Desde o fim de dezembro, o Irã enfrenta uma onda de protestos contra o governo que resultou em um elevado número de mortos e detenções, segundo dados divulgados por organizações internacionais de direitos humanos. As manifestações, iniciadas em 28 de dezembro, seguem mobilizando a população, mesmo diante da repressão das forças de segurança e das restrições impostas pelo governo à comunicação no país.
Balanço de mortos nos protestos no Irã
De acordo com a organização não governamental Iran Human Rights (IHR), com sede na Noruega, pelo menos 648 manifestantes morreram no Irã desde o início do movimento. O número foi divulgado nesta segunda-feira (12) e representa uma atualização do levantamento feito pela entidade, que acompanha a situação dos direitos humanos no país.
O diretor da IHR, Mahmood Amiry Moghaddam, afirmou que a comunidade internacional tem a responsabilidade de proteger civis que participam dos protestos. Segundo ele, as mortes estariam relacionadas à repressão promovida pela República Islâmica contra manifestantes em diversas regiões.
Dificuldade para confirmar dados oficiais
A IHR destacou ainda que algumas estimativas apontam para um número ainda maior de vítimas fatais, podendo ultrapassar 6.000 mortos. No entanto, a entidade ressalta que a confirmação independente dessas informações é dificultada pelo bloqueio quase total da internet imposto pelas autoridades do Irã durante aproximadamente quatro dias.
Esse apagão digital compromete a comunicação entre a população e o exterior, além de limitar o trabalho de organizações internacionais e da imprensa na verificação de relatos vindos do país.

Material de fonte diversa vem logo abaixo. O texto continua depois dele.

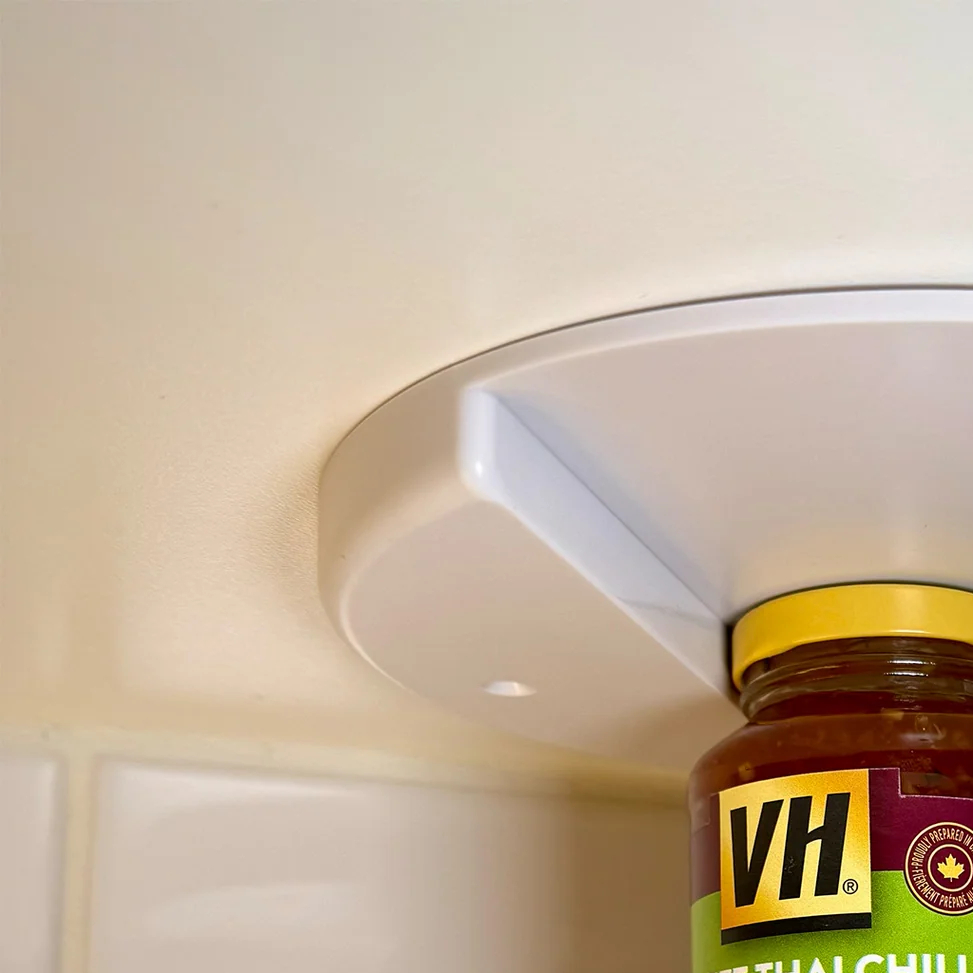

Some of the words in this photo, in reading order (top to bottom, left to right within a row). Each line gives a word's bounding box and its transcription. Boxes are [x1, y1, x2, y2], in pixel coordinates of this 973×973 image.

Prisões em massa e repressão policial
Além do número de mortos, os protestos no Irã resultaram em milhares de prisões. A Human Rights Activists News Agency (HRANA), organização sediada nos Estados Unidos e considerada confiável em episódios anteriores de instabilidade no país, informou que mais de 10.600 pessoas foram detidas ao longo de duas semanas de manifestações.
As prisões ocorreram em diferentes cidades e atingiram manifestantes, ativistas e, em alguns casos, jornalistas e estudantes. As autoridades iranianas ainda não divulgaram um balanço oficial consolidado sobre as detenções.
No exterior, organizações e governos demonstram preocupação de que o bloqueio da internet no Irã esteja encorajando setores mais rígidos dos serviços de segurança a intensificar a repressão. Mesmo diante desse cenário, manifestantes voltaram a ocupar as ruas de Teerã e da segunda maior cidade do país na manhã do último domingo, segundo relatos de testemunhas.
Reações internacionais e posição dos Estados Unidos
A situação no Irã também gerou reações no cenário internacional. O presidente dos Estados Unidos, Donald Trump, manifestou apoio aos protestos por meio de publicações nas redes sociais. De acordo com duas fontes próximas às discussões internas do governo norte-americano, Trump e sua equipe de segurança nacional avaliam possíveis respostas ao governo iraniano.
Entre as alternativas analisadas estariam ataques cibernéticos e ações diretas conduzidas por forças americanas ou israelenses. A Casa Branca, no entanto, afirmou que nenhuma decisão foi tomada até o momento.